Nach einer einstündigen Fahrt, hatten wir bereits eine Pause verdient. In Bad Bubendorf machten wir somit für Kaffe und Gipfeli einen kurzen Halt. Gut gestärkt setzten wir unsere Reise nach Seewen ins Musikautomaten-Museum fort.
Zwischen 1770 und 1910 nahm die Schweiz auf dem Gebiet der mechanischen Musik eine führende Stellung ein. Aus der Uhrenindustrie entwickelte sich vor allem in Genf, Sainte-Croix und im umliegenden Jura eine ganz spezielle Industrie, welche sich auf die Herstellung von Objekten mit klingenden Musikwerken spezialisierte.

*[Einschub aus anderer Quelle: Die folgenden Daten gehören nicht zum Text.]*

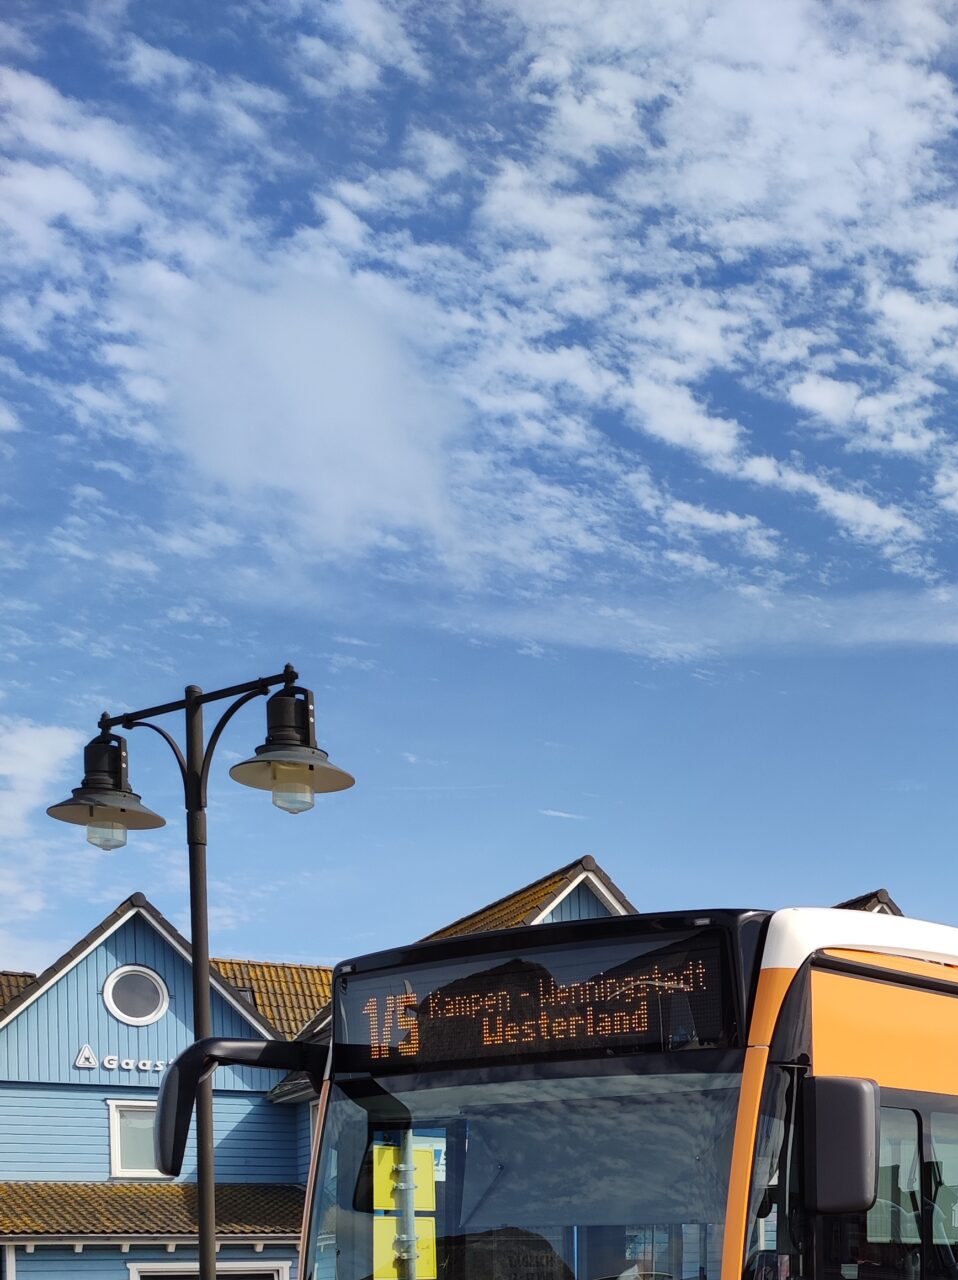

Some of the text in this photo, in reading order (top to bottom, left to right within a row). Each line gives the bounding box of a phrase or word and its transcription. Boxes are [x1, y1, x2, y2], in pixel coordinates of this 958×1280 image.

[428, 990, 511, 1019] Kampen
[538, 959, 707, 1007] Wenningstedt
[482, 1001, 649, 1045] Westerland
[102, 1055, 175, 1072] Gaas
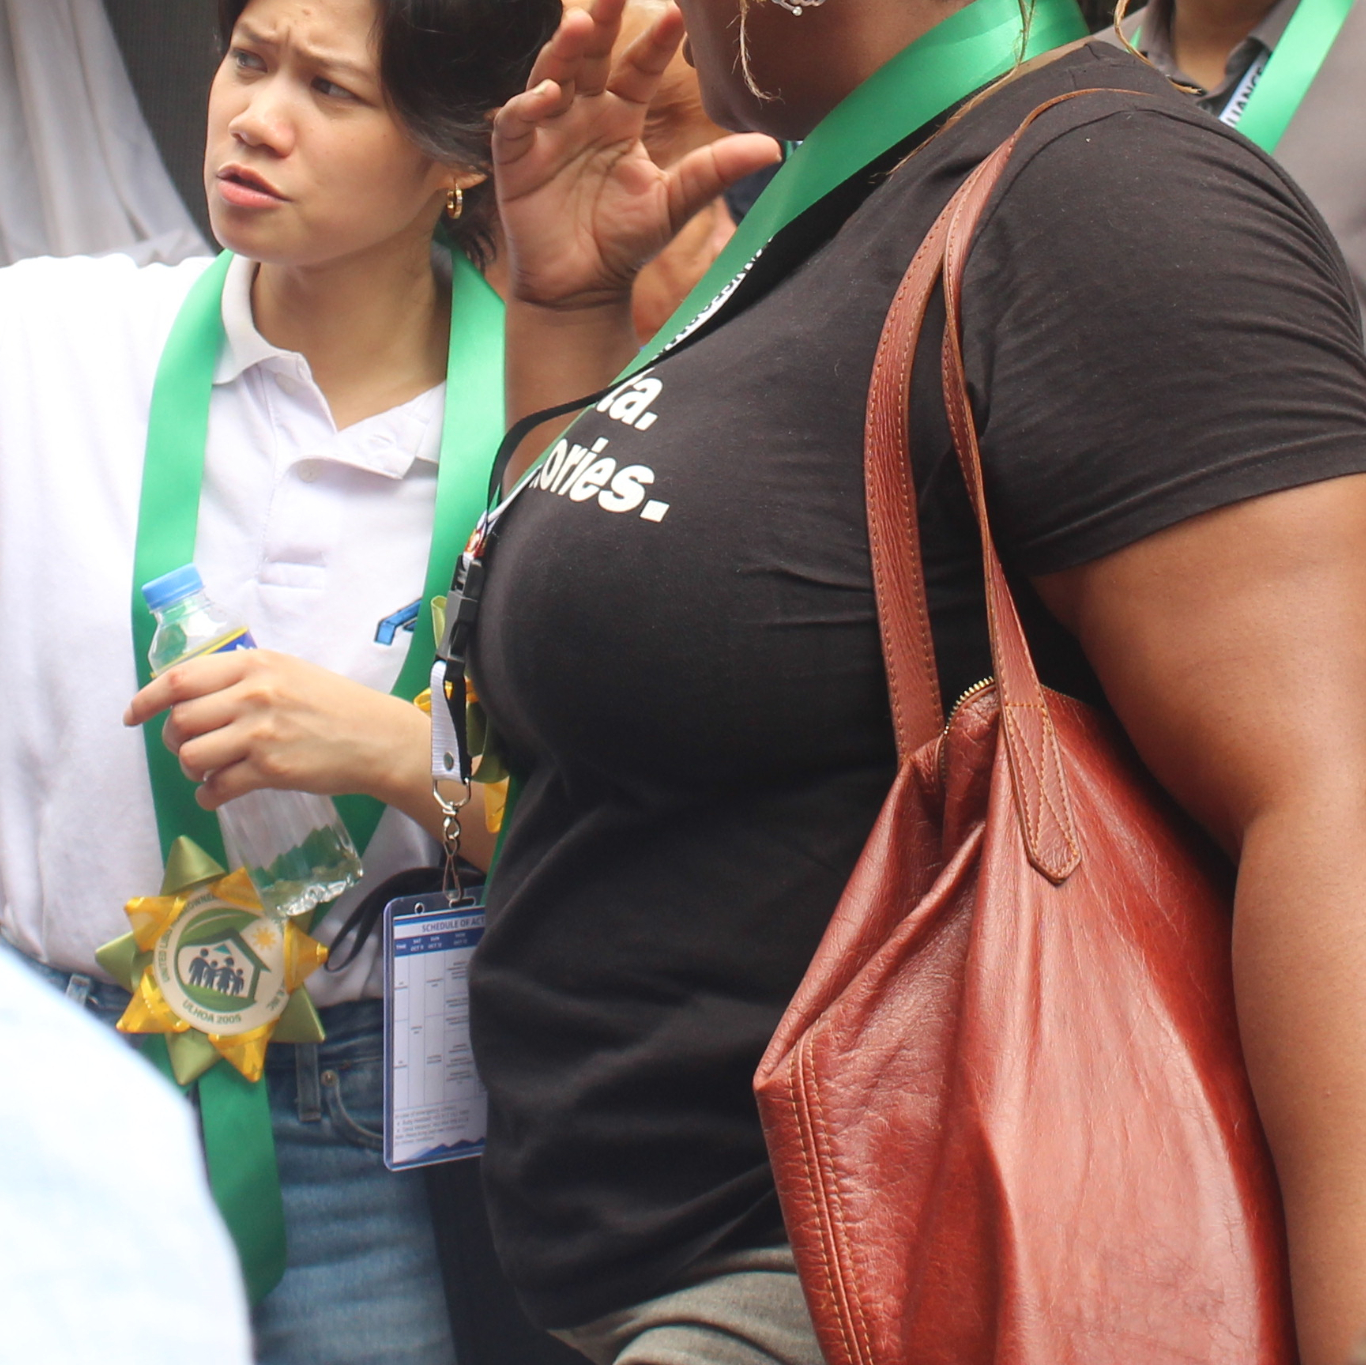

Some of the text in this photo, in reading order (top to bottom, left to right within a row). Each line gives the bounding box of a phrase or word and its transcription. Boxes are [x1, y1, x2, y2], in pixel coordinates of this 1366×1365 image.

[528, 437, 670, 523] ories.
[422, 920, 458, 933] SCHEDULE
[460, 918, 469, 928] OF

Die Musikdosen aus dem Schweizer Jura und die klingenden Schmuck- und Schnupftabakdosen aus Genf gehören zu den Meisterleistungen dieser Zeit. Das Museum für Musikautomaten Seewen SO beherbergt eine der weltweit grössten und bekanntesten Sammlungen von solchen Schweizer Musikdosen, Plattenspieldosen, Uhren und Schmuck mit Musikwerk und anderen mechanischen Musikautomaten. Als ein Museum der Schweizerischen Eidgenossenschaft gehört die rund 15 km südlich von Basel gelegene Institution zu den touristischen und kulturellen Aushängeschildern der Region Nordwestschweiz und des Schwarzbubenlandes. Leider war Fotografieren während der Führung nicht erlaubt.

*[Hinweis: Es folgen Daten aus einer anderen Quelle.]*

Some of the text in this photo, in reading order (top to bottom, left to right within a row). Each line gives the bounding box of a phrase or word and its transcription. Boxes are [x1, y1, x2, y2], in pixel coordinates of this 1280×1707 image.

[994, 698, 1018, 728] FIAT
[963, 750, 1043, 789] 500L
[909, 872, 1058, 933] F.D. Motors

Nach der Führung durfte ein kurzer Apéro vor dem Museum sebstverändlich nicht fehlen. Unsere weitere Fahrt führte uns übers Land, vorbei an Grellingen und Zwingen nach Blauen zum Mittagessen in die Bergwirtschaft Blauen Reben.
Nach dem Mittagessen fuhren wir über die Autobahn bis Lörrach. Und von nun an konnten wir gemütlich zurücklehnen, "schnädere" und den schönen Schwarzwald und die famose Landschaft geniessen. In St. Blasien bestand die Möglichkeit den Dom zu besichtigen, die Ortschaft anzuschauen oder einfach zu "lädele". Leider wurde aus dem "lädele" nichts, da die meisten Läden bereits geschlossen hatten.
Und langsam ging es dann wieder heimwerts.
Besten Dank an Peter für die Organisation.